--- Data to use ---
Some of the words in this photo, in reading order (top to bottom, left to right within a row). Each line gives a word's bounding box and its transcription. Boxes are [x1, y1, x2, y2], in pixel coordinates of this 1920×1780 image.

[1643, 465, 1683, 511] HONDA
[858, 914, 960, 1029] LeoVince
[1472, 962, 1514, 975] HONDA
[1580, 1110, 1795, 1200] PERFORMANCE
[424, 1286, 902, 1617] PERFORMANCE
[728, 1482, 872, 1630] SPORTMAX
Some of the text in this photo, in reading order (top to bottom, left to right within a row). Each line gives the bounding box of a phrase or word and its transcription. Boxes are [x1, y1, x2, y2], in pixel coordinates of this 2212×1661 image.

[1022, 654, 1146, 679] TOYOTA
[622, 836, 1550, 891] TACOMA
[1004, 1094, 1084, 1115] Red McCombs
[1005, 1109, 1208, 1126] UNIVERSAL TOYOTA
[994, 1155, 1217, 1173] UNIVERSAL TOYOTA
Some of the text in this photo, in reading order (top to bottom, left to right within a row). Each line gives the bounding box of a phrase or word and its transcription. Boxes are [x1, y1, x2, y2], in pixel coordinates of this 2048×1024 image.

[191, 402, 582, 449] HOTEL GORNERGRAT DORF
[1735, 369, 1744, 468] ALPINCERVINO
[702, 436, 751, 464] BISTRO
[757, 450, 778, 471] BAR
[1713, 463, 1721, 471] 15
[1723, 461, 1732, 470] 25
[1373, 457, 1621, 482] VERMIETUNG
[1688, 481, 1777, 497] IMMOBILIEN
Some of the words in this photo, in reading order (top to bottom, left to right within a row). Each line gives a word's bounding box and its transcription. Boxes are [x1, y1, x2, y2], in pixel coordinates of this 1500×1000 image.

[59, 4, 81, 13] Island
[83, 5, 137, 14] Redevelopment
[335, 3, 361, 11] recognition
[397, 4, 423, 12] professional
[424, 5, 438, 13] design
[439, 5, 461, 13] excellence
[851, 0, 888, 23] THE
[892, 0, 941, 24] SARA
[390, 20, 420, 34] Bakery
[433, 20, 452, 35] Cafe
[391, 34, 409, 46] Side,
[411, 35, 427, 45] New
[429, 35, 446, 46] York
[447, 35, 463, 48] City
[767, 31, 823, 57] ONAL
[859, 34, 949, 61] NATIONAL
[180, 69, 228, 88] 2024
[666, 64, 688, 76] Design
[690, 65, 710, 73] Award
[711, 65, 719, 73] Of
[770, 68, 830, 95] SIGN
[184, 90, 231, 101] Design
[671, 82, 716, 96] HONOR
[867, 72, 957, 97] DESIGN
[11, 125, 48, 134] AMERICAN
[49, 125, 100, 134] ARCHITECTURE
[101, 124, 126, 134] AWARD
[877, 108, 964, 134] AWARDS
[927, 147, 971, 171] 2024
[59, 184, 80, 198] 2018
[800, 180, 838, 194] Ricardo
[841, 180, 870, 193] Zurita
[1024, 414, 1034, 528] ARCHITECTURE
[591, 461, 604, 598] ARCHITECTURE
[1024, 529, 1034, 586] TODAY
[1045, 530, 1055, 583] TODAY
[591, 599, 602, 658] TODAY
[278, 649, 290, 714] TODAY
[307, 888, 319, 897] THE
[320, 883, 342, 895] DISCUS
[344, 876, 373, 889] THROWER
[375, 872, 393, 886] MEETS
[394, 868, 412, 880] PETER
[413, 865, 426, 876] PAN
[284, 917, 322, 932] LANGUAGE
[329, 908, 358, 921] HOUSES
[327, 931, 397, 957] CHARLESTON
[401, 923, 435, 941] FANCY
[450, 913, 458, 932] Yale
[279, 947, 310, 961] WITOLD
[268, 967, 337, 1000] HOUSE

--- Task to complete ---
Retype the records, line for line.

--- Response to this exercise ---
Some of the words in this photo, in reading order (top to bottom, left to right within a row). Each line gives a word's bounding box and its transcription. Boxes are [x1, y1, x2, y2], in pixel coordinates of this 1920×1780 image.

[1643, 465, 1683, 511] HONDA
[858, 914, 960, 1029] LeoVince
[1472, 962, 1514, 975] HONDA
[1580, 1110, 1795, 1200] PERFORMANCE
[424, 1286, 902, 1617] PERFORMANCE
[728, 1482, 872, 1630] SPORTMAX
Some of the text in this photo, in reading order (top to bottom, left to right within a row). Each line gives the bounding box of a phrase or word and its transcription. Boxes are [x1, y1, x2, y2], in pixel coordinates of this 2212×1661 image.

[1022, 654, 1146, 679] TOYOTA
[622, 836, 1550, 891] TACOMA
[1004, 1094, 1084, 1115] Red McCombs
[1005, 1109, 1208, 1126] UNIVERSAL TOYOTA
[994, 1155, 1217, 1173] UNIVERSAL TOYOTA
Some of the text in this photo, in reading order (top to bottom, left to right within a row). Each line gives the bounding box of a phrase or word and its transcription. Boxes are [x1, y1, x2, y2], in pixel coordinates of this 2048×1024 image.

[191, 402, 582, 449] HOTEL GORNERGRAT DORF
[1735, 369, 1744, 468] ALPINCERVINO
[702, 436, 751, 464] BISTRO
[757, 450, 778, 471] BAR
[1713, 463, 1721, 471] 15
[1723, 461, 1732, 470] 25
[1373, 457, 1621, 482] VERMIETUNG
[1688, 481, 1777, 497] IMMOBILIEN
Some of the words in this photo, in reading order (top to bottom, left to right within a row). Each line gives a word's bounding box and its transcription. Boxes are [x1, y1, x2, y2], in pixel coordinates of this 1500×1000 image.

[59, 4, 81, 13] Island
[83, 5, 137, 14] Redevelopment
[335, 3, 361, 11] recognition
[397, 4, 423, 12] professional
[424, 5, 438, 13] design
[439, 5, 461, 13] excellence
[851, 0, 888, 23] THE
[892, 0, 941, 24] SARA
[390, 20, 420, 34] Bakery
[433, 20, 452, 35] Cafe
[391, 34, 409, 46] Side,
[411, 35, 427, 45] New
[429, 35, 446, 46] York
[447, 35, 463, 48] City
[767, 31, 823, 57] ONAL
[859, 34, 949, 61] NATIONAL
[180, 69, 228, 88] 2024
[666, 64, 688, 76] Design
[690, 65, 710, 73] Award
[711, 65, 719, 73] Of
[770, 68, 830, 95] SIGN
[184, 90, 231, 101] Design
[671, 82, 716, 96] HONOR
[867, 72, 957, 97] DESIGN
[11, 125, 48, 134] AMERICAN
[49, 125, 100, 134] ARCHITECTURE
[101, 124, 126, 134] AWARD
[877, 108, 964, 134] AWARDS
[927, 147, 971, 171] 2024
[59, 184, 80, 198] 2018
[800, 180, 838, 194] Ricardo
[841, 180, 870, 193] Zurita
[1024, 414, 1034, 528] ARCHITECTURE
[591, 461, 604, 598] ARCHITECTURE
[1024, 529, 1034, 586] TODAY
[1045, 530, 1055, 583] TODAY
[591, 599, 602, 658] TODAY
[278, 649, 290, 714] TODAY
[307, 888, 319, 897] THE
[320, 883, 342, 895] DISCUS
[344, 876, 373, 889] THROWER
[375, 872, 393, 886] MEETS
[394, 868, 412, 880] PETER
[413, 865, 426, 876] PAN
[284, 917, 322, 932] LANGUAGE
[329, 908, 358, 921] HOUSES
[327, 931, 397, 957] CHARLESTON
[401, 923, 435, 941] FANCY
[450, 913, 458, 932] Yale
[279, 947, 310, 961] WITOLD
[268, 967, 337, 1000] HOUSE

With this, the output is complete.